**Saved data entries**
____
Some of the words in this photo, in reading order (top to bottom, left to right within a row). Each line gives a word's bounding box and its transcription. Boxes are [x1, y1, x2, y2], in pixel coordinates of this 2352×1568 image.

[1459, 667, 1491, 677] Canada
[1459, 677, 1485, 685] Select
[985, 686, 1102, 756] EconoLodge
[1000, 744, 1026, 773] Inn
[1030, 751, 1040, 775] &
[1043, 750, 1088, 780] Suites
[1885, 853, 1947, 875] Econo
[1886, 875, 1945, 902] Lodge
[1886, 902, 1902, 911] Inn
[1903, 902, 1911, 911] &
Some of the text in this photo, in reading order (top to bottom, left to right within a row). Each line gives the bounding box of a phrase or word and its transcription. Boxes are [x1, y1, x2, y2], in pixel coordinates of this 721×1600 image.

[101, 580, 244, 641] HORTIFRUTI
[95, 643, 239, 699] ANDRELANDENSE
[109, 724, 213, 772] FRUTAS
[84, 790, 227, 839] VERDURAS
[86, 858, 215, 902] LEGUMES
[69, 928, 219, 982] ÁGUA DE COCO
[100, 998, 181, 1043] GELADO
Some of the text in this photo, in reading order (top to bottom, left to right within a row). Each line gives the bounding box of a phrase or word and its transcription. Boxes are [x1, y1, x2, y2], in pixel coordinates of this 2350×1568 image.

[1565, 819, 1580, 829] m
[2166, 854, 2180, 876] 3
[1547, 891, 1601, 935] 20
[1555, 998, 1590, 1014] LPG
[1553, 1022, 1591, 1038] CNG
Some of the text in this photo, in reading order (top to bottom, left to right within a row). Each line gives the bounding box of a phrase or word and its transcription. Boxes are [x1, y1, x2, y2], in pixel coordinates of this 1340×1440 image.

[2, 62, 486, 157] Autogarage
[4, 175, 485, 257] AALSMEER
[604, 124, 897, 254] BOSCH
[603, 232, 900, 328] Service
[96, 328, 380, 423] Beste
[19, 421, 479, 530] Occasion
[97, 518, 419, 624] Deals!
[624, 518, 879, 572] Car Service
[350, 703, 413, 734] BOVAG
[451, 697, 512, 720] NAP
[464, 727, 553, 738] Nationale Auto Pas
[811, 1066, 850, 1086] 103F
____
**WHAT THE TASK ASKS**
Your output should match the records above word for word.

**REPLY**
Some of the words in this photo, in reading order (top to bottom, left to right within a row). Each line gives a word's bounding box and its transcription. Boxes are [x1, y1, x2, y2], in pixel coordinates of this 2352×1568 image.

[1459, 667, 1491, 677] Canada
[1459, 677, 1485, 685] Select
[985, 686, 1102, 756] EconoLodge
[1000, 744, 1026, 773] Inn
[1030, 751, 1040, 775] &
[1043, 750, 1088, 780] Suites
[1885, 853, 1947, 875] Econo
[1886, 875, 1945, 902] Lodge
[1886, 902, 1902, 911] Inn
[1903, 902, 1911, 911] &
Some of the text in this photo, in reading order (top to bottom, left to right within a row). Each line gives the bounding box of a phrase or word and its transcription. Boxes are [x1, y1, x2, y2], in pixel coordinates of this 721×1600 image.

[101, 580, 244, 641] HORTIFRUTI
[95, 643, 239, 699] ANDRELANDENSE
[109, 724, 213, 772] FRUTAS
[84, 790, 227, 839] VERDURAS
[86, 858, 215, 902] LEGUMES
[69, 928, 219, 982] ÁGUA DE COCO
[100, 998, 181, 1043] GELADO
Some of the text in this photo, in reading order (top to bottom, left to right within a row). Each line gives the bounding box of a phrase or word and its transcription. Boxes are [x1, y1, x2, y2], in pixel coordinates of this 2350×1568 image.

[1565, 819, 1580, 829] m
[2166, 854, 2180, 876] 3
[1547, 891, 1601, 935] 20
[1555, 998, 1590, 1014] LPG
[1553, 1022, 1591, 1038] CNG
Some of the text in this photo, in reading order (top to bottom, left to right within a row). Each line gives the bounding box of a phrase or word and its transcription. Boxes are [x1, y1, x2, y2], in pixel coordinates of this 1340×1440 image.

[2, 62, 486, 157] Autogarage
[4, 175, 485, 257] AALSMEER
[604, 124, 897, 254] BOSCH
[603, 232, 900, 328] Service
[96, 328, 380, 423] Beste
[19, 421, 479, 530] Occasion
[97, 518, 419, 624] Deals!
[624, 518, 879, 572] Car Service
[350, 703, 413, 734] BOVAG
[451, 697, 512, 720] NAP
[464, 727, 553, 738] Nationale Auto Pas
[811, 1066, 850, 1086] 103F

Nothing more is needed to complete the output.